Presenting Violence without Replicating It: On Megan Pinto’s Saints of Little Faith
Throughout Megan Pinto’s debut collection, Saints of Little Faith, runs a wild, looped, and knotted thread of memory. Where “Rumi speaks of sorrow as a clearing / of leaves, making space for joy,” Pinto explores the possibility that “Maybe like everything, healing has a season, dormant, but rooting.” Saints is a collection that orbits the question of closeness (“All my life, I wanted to be close”) in terms of proximity, in terms of intimacy. And that which obstructs intimacy, Saints has us approach slowly and with full recognition. In this collection, Pinto speaks directly about addiction, domestic and sexual violence, grief, and desire while acknowledging the double cultural taboo of these subjects, both within English canon and within South Asian diasporic families like her own.
I often question how we can be explicit about formative events in our lives, which are so often shaped by misunderstanding and violence, without reproducing the isolation of these moments. How can we present the forces that make us without turning the reader away, without losing closeness? In Pinto’s poem, “Summer of Green and Nectar,” she lays out a relationship with the speaker’s mother that becomes a mirror to her relationship with the reader:
in my dormitory, I wrote down things
I could never say, like when
he entered me, I would beg
to someone inside my mind
for him to just speak to me again, or how
at lunch, to keep some peace
I would undress, instead of eating
let him move his hands
over me. But all this
my mother did not notice
The speaker is explicit about both an action and a desire, but in the mother’s reading, only the action comes into focus. So when the mother asks “why this happened and how and what God” regarding a cousin’s death, we must recognize that the explicit (of why and how) may be present but not perceived. And yet this oversight isn’t from lack of care. I’m interested in how the title of this poem, “Summer of Green and Nectar,” calls back to a thought exercise the mother offers early in the collection. The speaker relays, “When I was small, my mother taught me to count / all the different shades of green I could see.
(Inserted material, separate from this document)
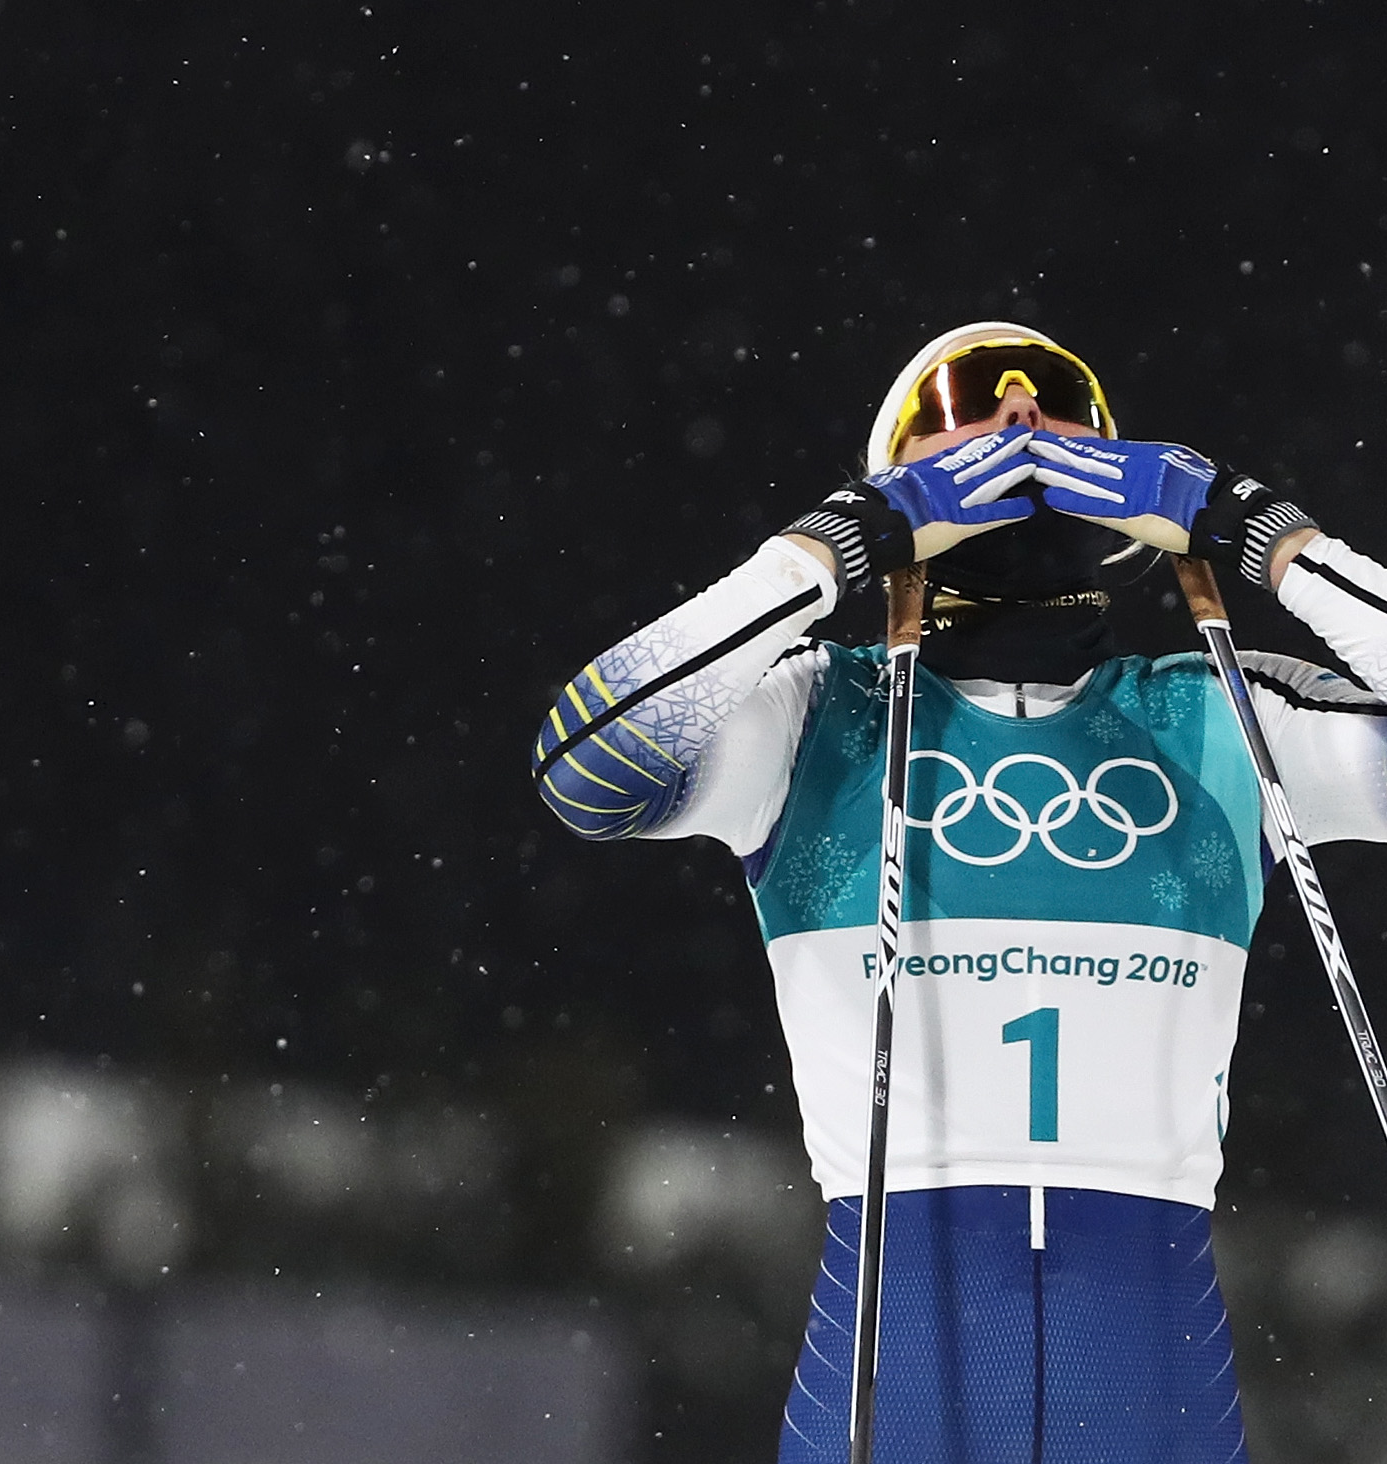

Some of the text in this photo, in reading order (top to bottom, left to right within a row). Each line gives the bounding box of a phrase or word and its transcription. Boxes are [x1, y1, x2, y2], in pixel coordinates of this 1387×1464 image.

She was trying to calm me.” These greens return again and again throughout the collection—fields, mint, emerald, and each sighting offers a new opportunity for care, for closeness. Language can be concrete, an amulet passed down from one woman to another. It’s this enumeration, this practice of holding language and revisiting it with greater specificity that makes Saints of Little Faith a unique composition, uncompromising and still tender in its depiction of human relationships.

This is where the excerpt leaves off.